Increasing evidence supports the contention that many malignancies, including sporadic colorectal cancer, are driven by the self-renewing, chemotherapy-resistant cancer stem/stem-like cells (CSC/CSLC), underscoring the need for improved preventive and therapeutic strategies targeting CSCs/CSLCs. Omega-3 polyunsaturated fatty acids (ω-3 PUFA), have been reported to inhibit the growth of primary tumors, but their potential as a preventive agent for recurring cancers is unexplored. The primary objectives of this investigation are (i) to examine whether eicosapentaenoic acid (EPA; one of the ω-3 PUFA) synergizes with FuOx (5-FU+Oxaliplatin), the backbone of colon cancer chemotherapy, and (ii) whether EPA by itself or in combination with conventional chemotherapy prevents the recurrence of colon cancer via eliminating/suppressing CSCs/CSLCs. FuOx-resistant (chemoresistant; CR) colon cancer cells, highly enriched in CSCs, were used for this study. Although EPA alone was effective, combination of EPA and FuOx was more potent in (i) inhibiting cell growth, colonosphere formation, and sphere-forming frequency, (ii) increasing sphere disintegration, (iii) suppressing the growth of SCID mice xenografts of CR colon cancer cells, and (iv) decreasing proinflammatory metabolites in mice. In addition, EPA + FuOx caused a reduction in CSC/CSLC population.
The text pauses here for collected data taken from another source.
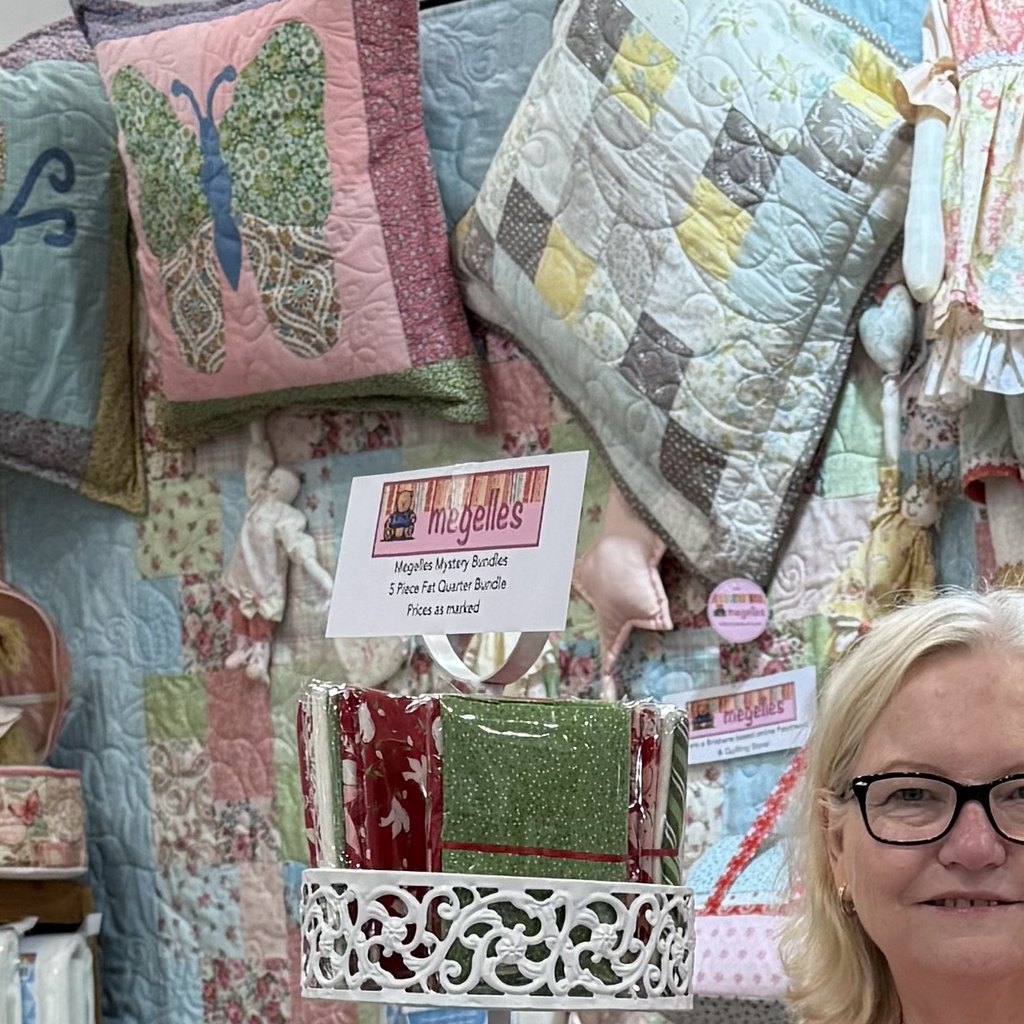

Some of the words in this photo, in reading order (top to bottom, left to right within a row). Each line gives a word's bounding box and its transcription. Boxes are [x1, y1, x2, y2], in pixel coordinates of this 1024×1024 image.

[428, 488, 524, 546] megelles
[394, 558, 433, 576] Megelles
[435, 557, 469, 574] Mystery
[471, 552, 508, 568] Bundles
[388, 582, 395, 596] 5
[396, 581, 420, 595] Piece
[421, 580, 436, 593] Fat
[438, 579, 472, 593] Quarter
[474, 576, 507, 591] Bundle
[407, 603, 432, 616] Prices
[434, 605, 444, 616] as
[446, 599, 480, 615] marked
[724, 696, 785, 726] megelles
The growth reduction by this regimen is the result of increased apoptosis as evidenced by PARP cleavage. Furthermore, increased pPTEN, decreased pAkt, normalization of β-catenin expression, localization, and transcriptional activity by EPA suggests a role for the PTEN-Akt axis and Wnt signaling in regulating this process. Our data suggest that EPA by itself or in combination with FuOx could be an effective preventive strategy for recurring colorectal cancer.